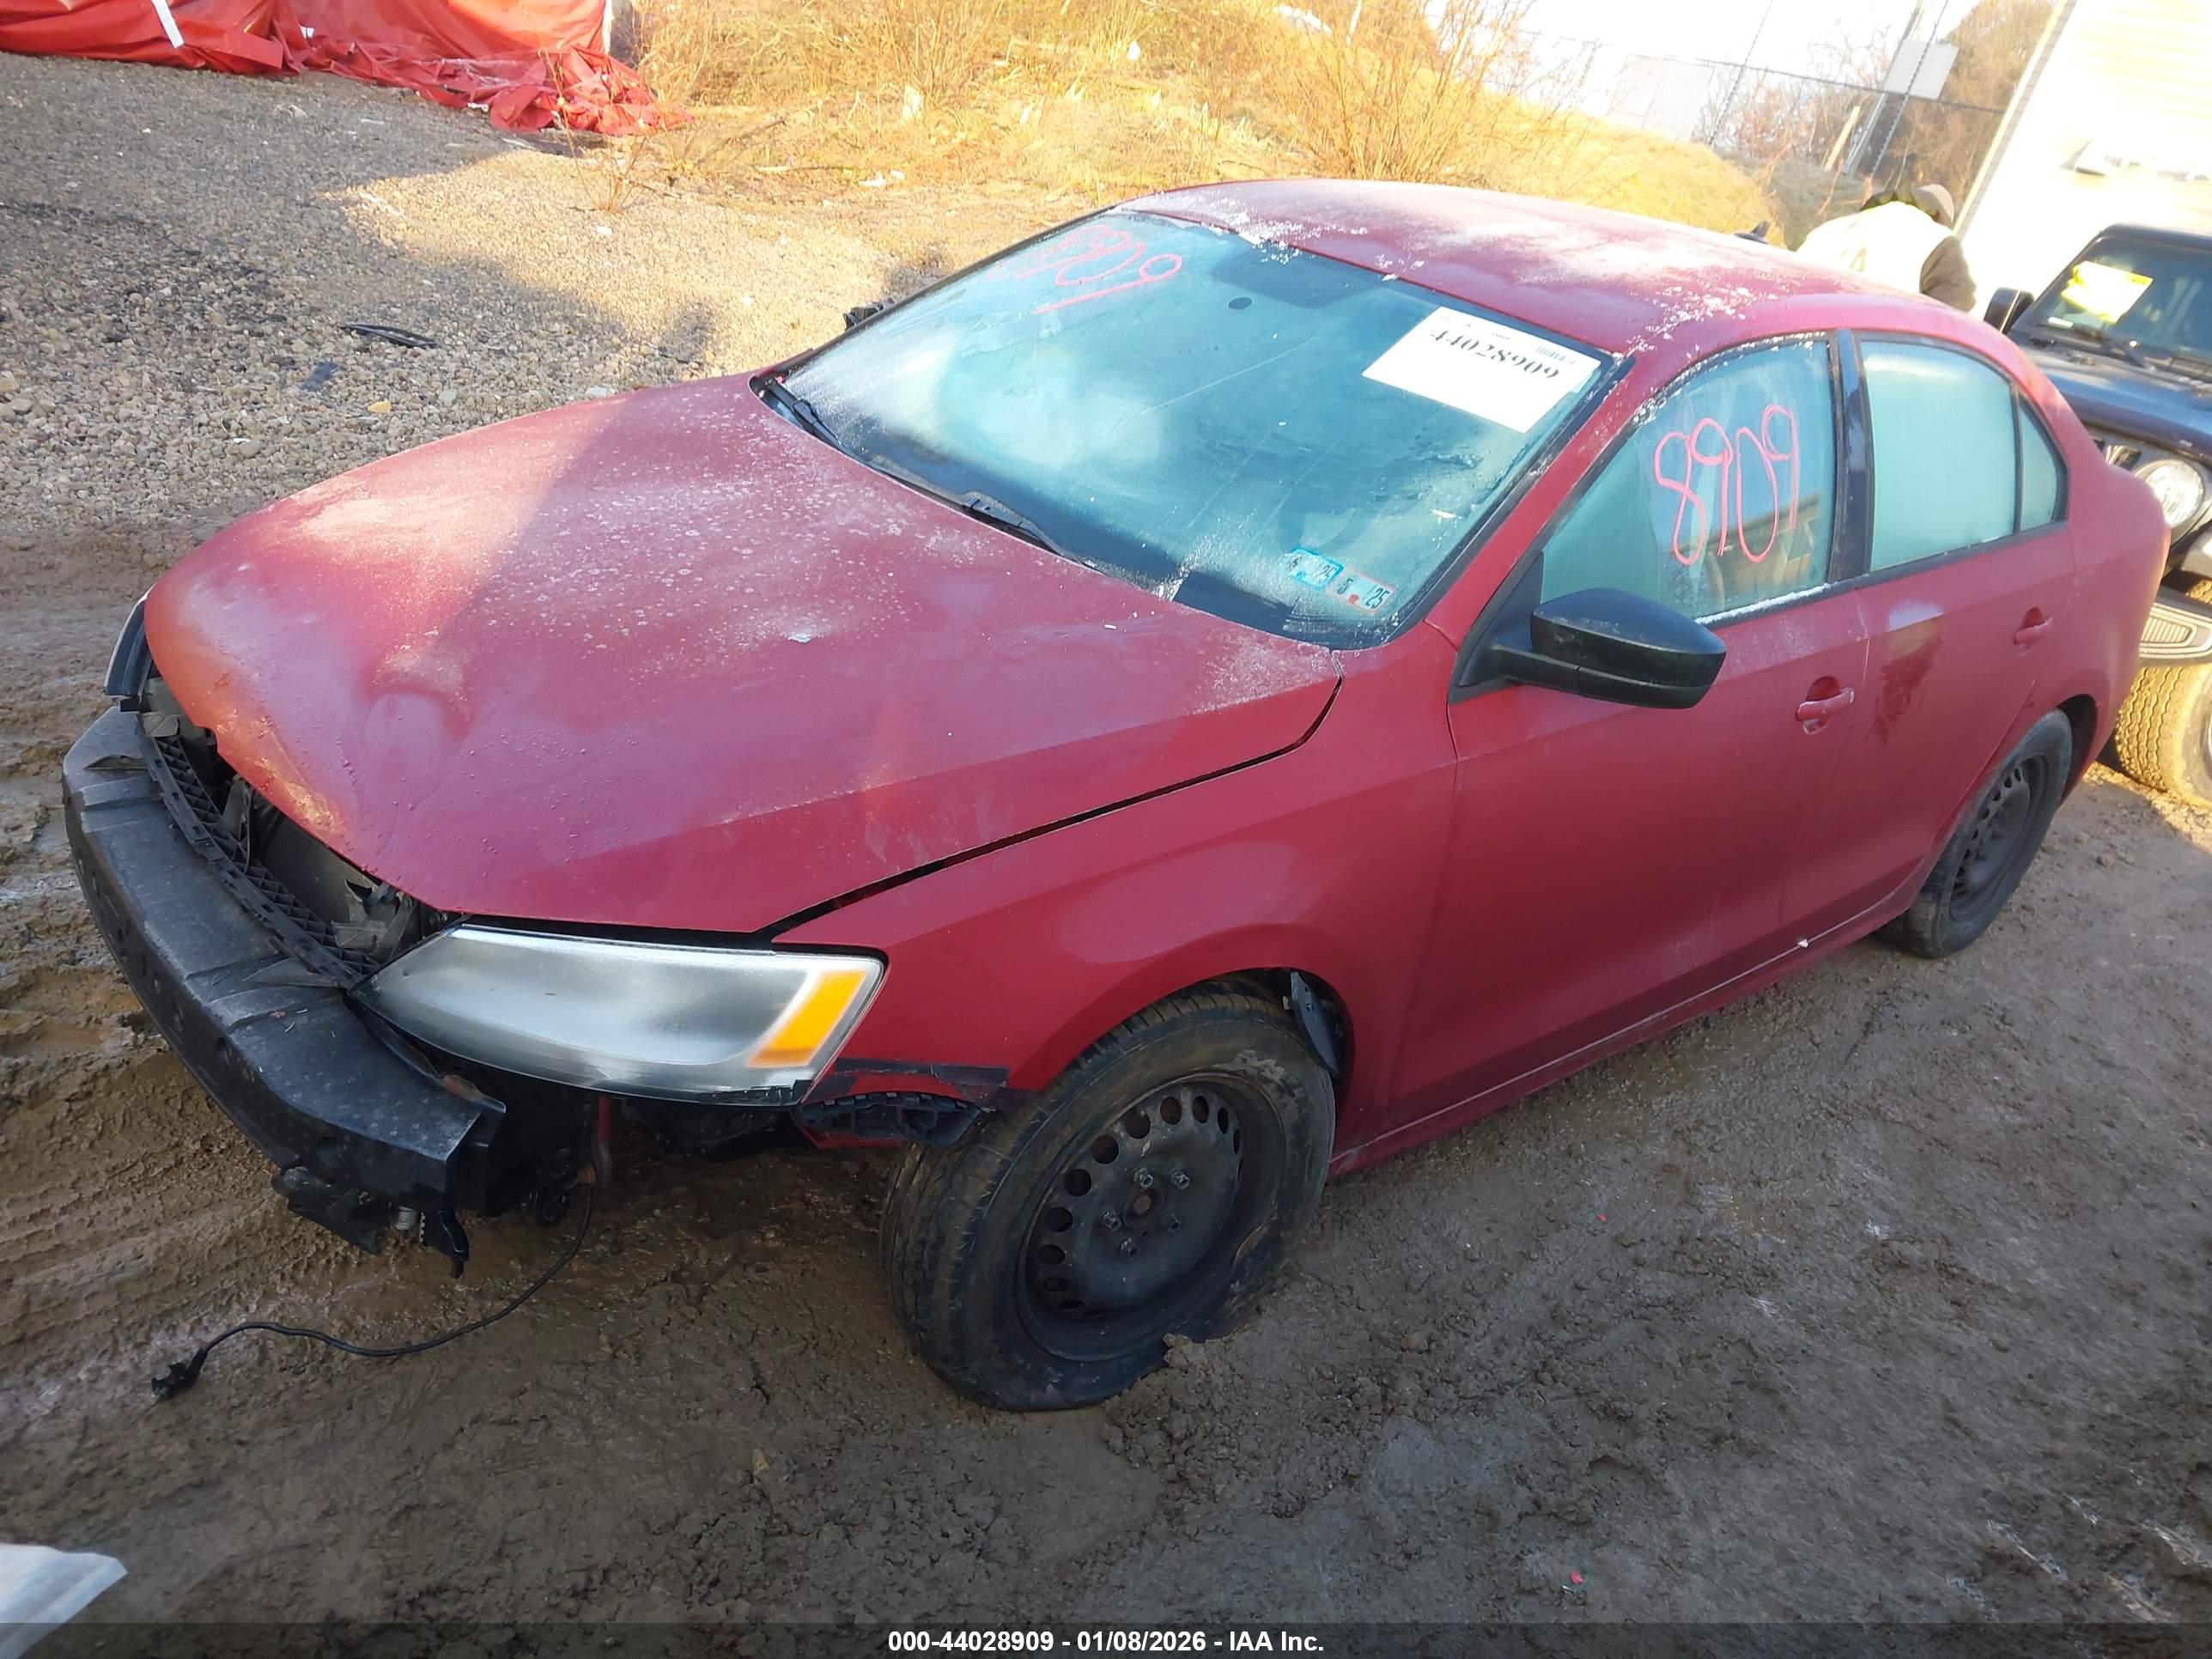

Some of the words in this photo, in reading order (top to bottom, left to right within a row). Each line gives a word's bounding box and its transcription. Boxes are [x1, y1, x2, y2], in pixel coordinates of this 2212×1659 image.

[1430, 329, 1560, 379] 44028909
[1654, 403, 1800, 566] 8909
[1337, 578, 1354, 595] 5
[1364, 587, 1390, 609] 25
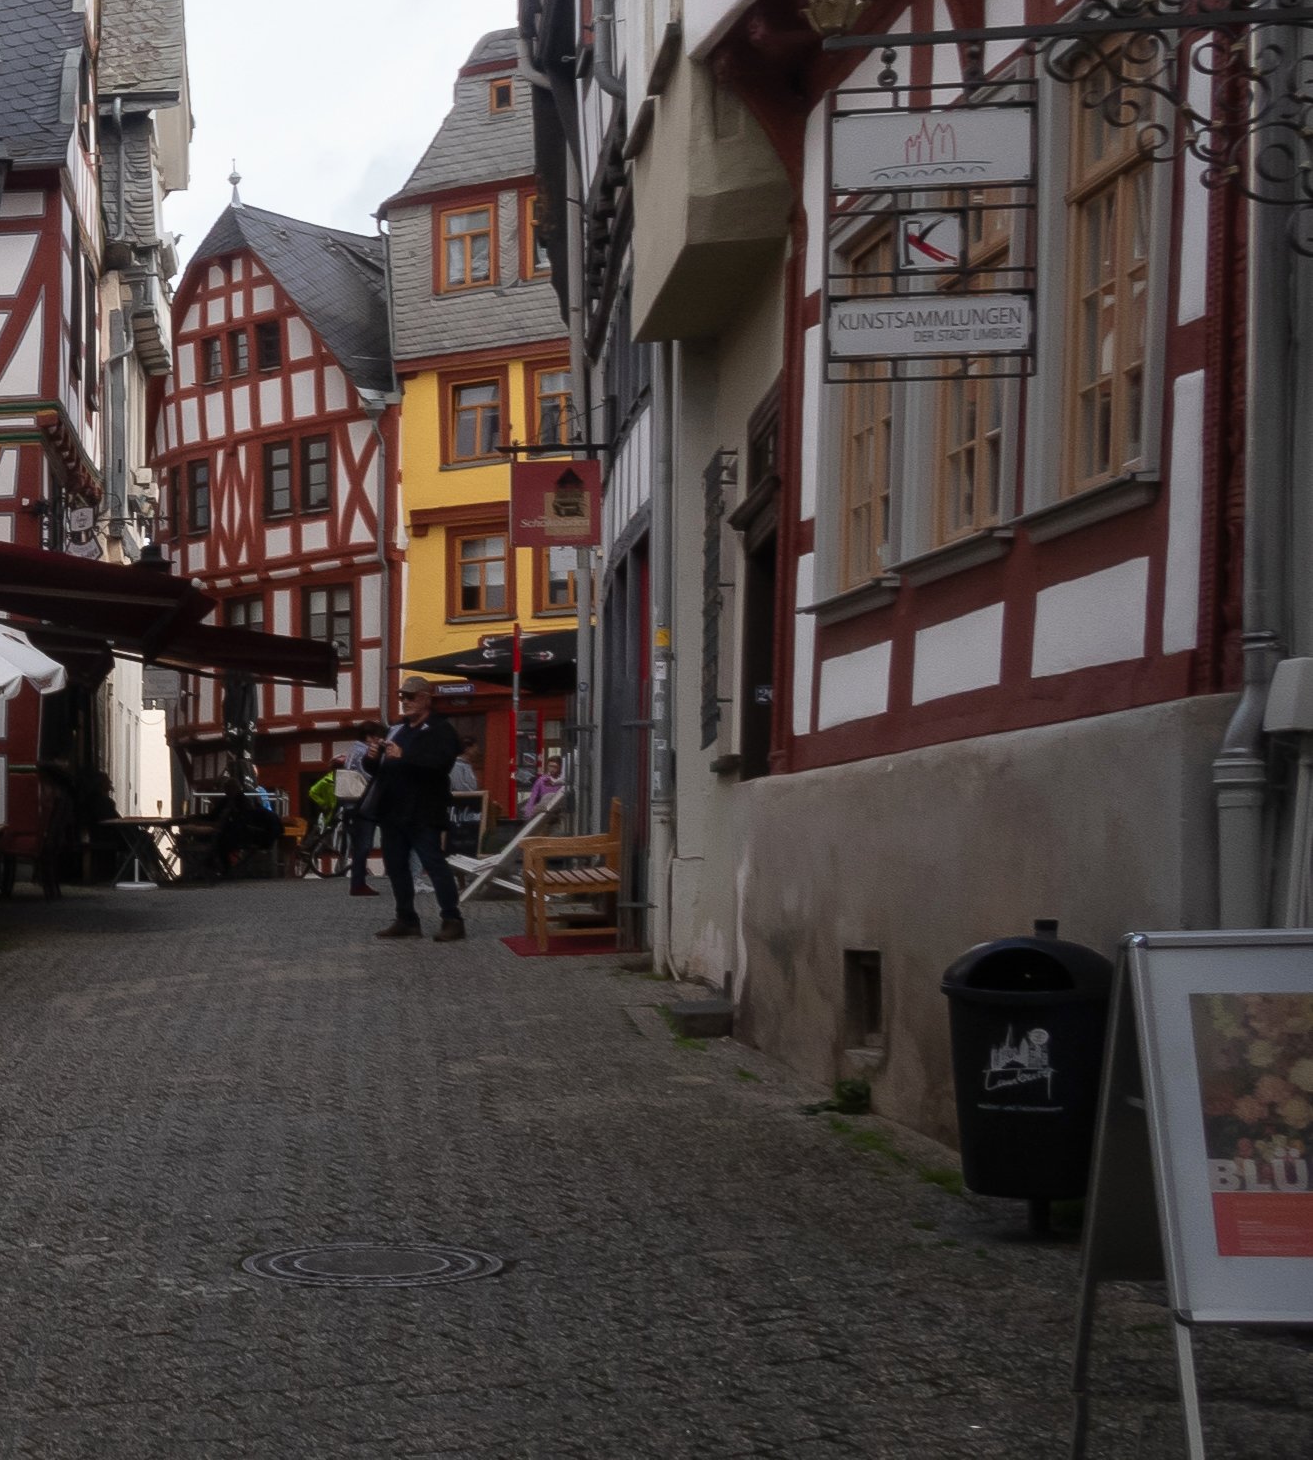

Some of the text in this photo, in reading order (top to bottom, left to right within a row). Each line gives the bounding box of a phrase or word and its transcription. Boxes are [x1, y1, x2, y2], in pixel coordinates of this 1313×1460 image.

TASK STATEMENT: Would you return all of the data above word for word, omitting every picture?

TASK OUTPUT:
Some of the words in this photo, in reading order (top to bottom, left to right within a row). Each line gives a word's bounding box and its transcription. Boxes are [x1, y1, x2, y2], in pixel coordinates of this 2212×1659 image.

[1430, 329, 1560, 379] 44028909
[1654, 403, 1800, 566] 8909
[1337, 578, 1354, 595] 5
[1364, 587, 1390, 609] 25

Some of the text in this photo, in reading order (top to bottom, left to right within a row). Each line gives the bounding box of a phrase or word and its transcription. Boxes are [x1, y1, x2, y2], in pixel coordinates of this 1313×1460 image.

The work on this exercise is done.